[Dataset entries]
-- Opening Marker --

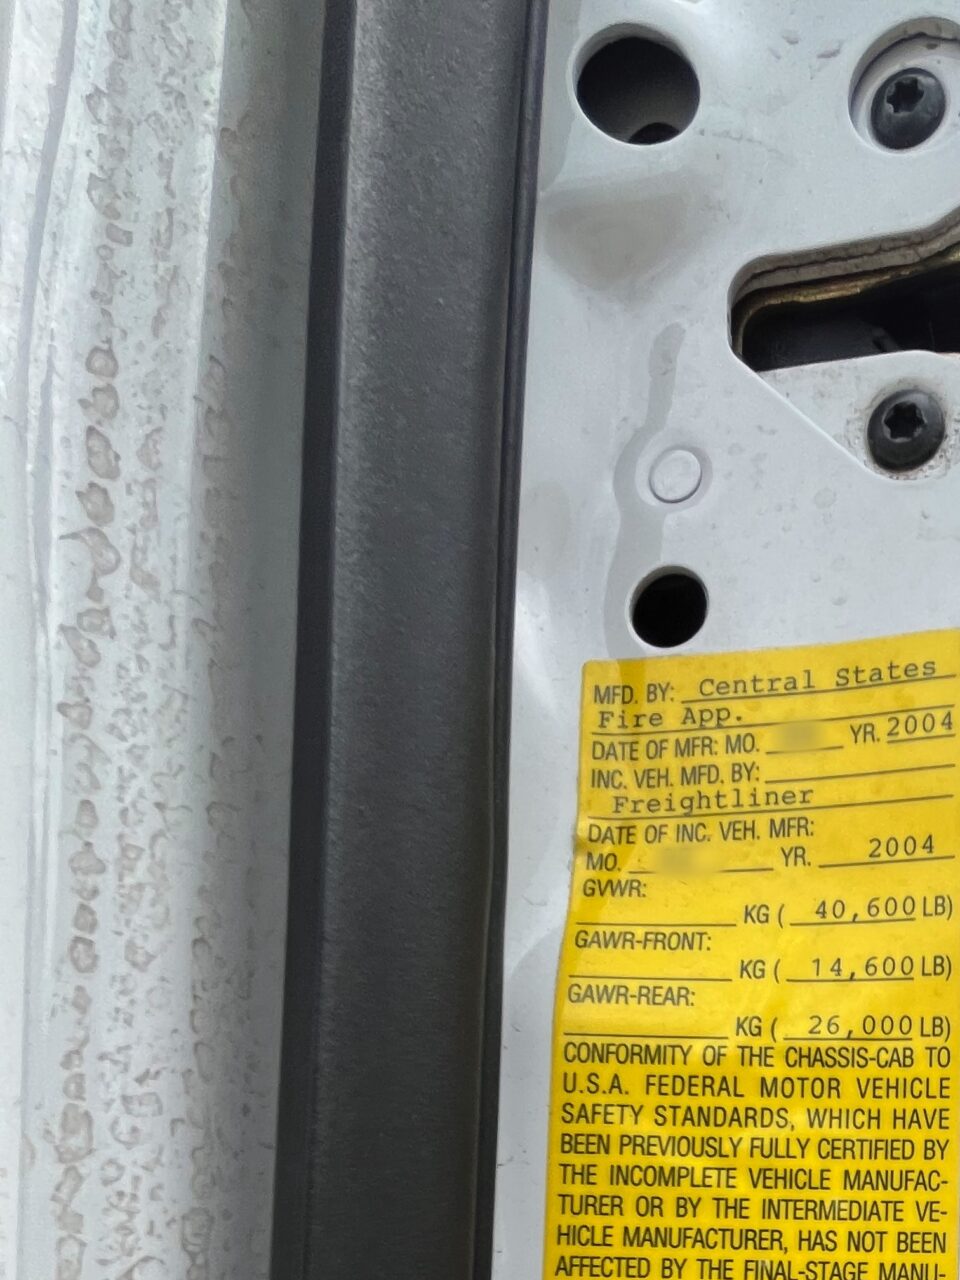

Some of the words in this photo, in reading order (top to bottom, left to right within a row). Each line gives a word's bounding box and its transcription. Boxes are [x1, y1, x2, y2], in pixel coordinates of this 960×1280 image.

[594, 685, 638, 705] MFD.
[647, 683, 674, 702] BY:
[699, 670, 816, 696] Central
[836, 660, 936, 686] States
[599, 710, 663, 729] Fire
[682, 708, 743, 729] App.
[592, 741, 638, 761] DATE
[646, 739, 668, 759] OF
[675, 736, 718, 757] MFR:
[726, 734, 760, 755] MO.
[850, 723, 880, 744] YR.
[887, 711, 954, 736] 2004
[591, 770, 627, 790] INC.
[635, 767, 674, 787] VEH.
[681, 765, 724, 785] MFD.
[732, 762, 760, 782] BY:
[613, 787, 814, 814] Freightliner
[589, 824, 637, 844] DATE
[645, 822, 668, 843] OF
[676, 821, 710, 842] INC.
[720, 819, 760, 841] VEH.
[769, 816, 814, 838] MFR:
[586, 852, 620, 872] MO.
[781, 846, 810, 868] YR.
[869, 835, 935, 859] 2004
[583, 879, 647, 897] GVWR:
[744, 904, 769, 923] KG
[815, 896, 916, 921] 40,600
[922, 895, 953, 920] LB)
[575, 930, 712, 951] GAWR-FRONT:
[740, 959, 765, 979] KG
[813, 956, 914, 981] 14,600
[921, 955, 951, 980] LB)
[568, 984, 695, 1007] GAWR-REAR:
[736, 1016, 762, 1036] KG
[809, 1015, 912, 1039] 26,000
[920, 1015, 950, 1040] LB)
[564, 1043, 693, 1065] CONFORMITY
[703, 1046, 727, 1066] OF
[737, 1046, 774, 1067] THE
[785, 1046, 914, 1069] CHASSIS-CAB
[926, 1047, 950, 1069] TO
[563, 1073, 629, 1096] U.S.A.
[646, 1075, 744, 1098] FEDERAL
[760, 1076, 841, 1099] MOTOR
[857, 1077, 950, 1099] VEHICLE
[561, 1103, 643, 1125] SAFETY
[654, 1105, 795, 1131] STANDARDS,
[807, 1108, 881, 1129] WHICH
[892, 1108, 950, 1130] HAVE
[560, 1134, 610, 1155] BEEN
[619, 1135, 743, 1159] PREVIOUSLY
[749, 1137, 809, 1159] FULLY
[817, 1138, 915, 1160] CERTIFIED
[924, 1139, 949, 1161] BY
[559, 1164, 598, 1186] THE
[610, 1165, 737, 1189] INCOMPLETE
[748, 1168, 831, 1190] VEHICLE
[843, 1169, 948, 1192] MANUFAC-
[558, 1195, 623, 1217] TURER
[635, 1196, 664, 1218] OR
[676, 1198, 701, 1219] BY
[713, 1198, 749, 1220] THE
[761, 1198, 904, 1222] INTERMEDIATE
[916, 1201, 947, 1222] VE-
[557, 1225, 613, 1247] HICLE
[623, 1227, 788, 1255] MANUFACTURER,
[798, 1230, 837, 1252] HAS
[847, 1231, 887, 1252] NOT
[896, 1231, 947, 1253] BEEN
[554, 1256, 650, 1279] AFFECTED
[661, 1258, 686, 1279] BY
[696, 1258, 734, 1280] THE

-- Closing Marker --

- [Assignment]: Looking at the entries above, copy out every line in which "VEHICLE" occurs.

- [Written solution]:
[857, 1077, 950, 1099] VEHICLE
[748, 1168, 831, 1190] VEHICLE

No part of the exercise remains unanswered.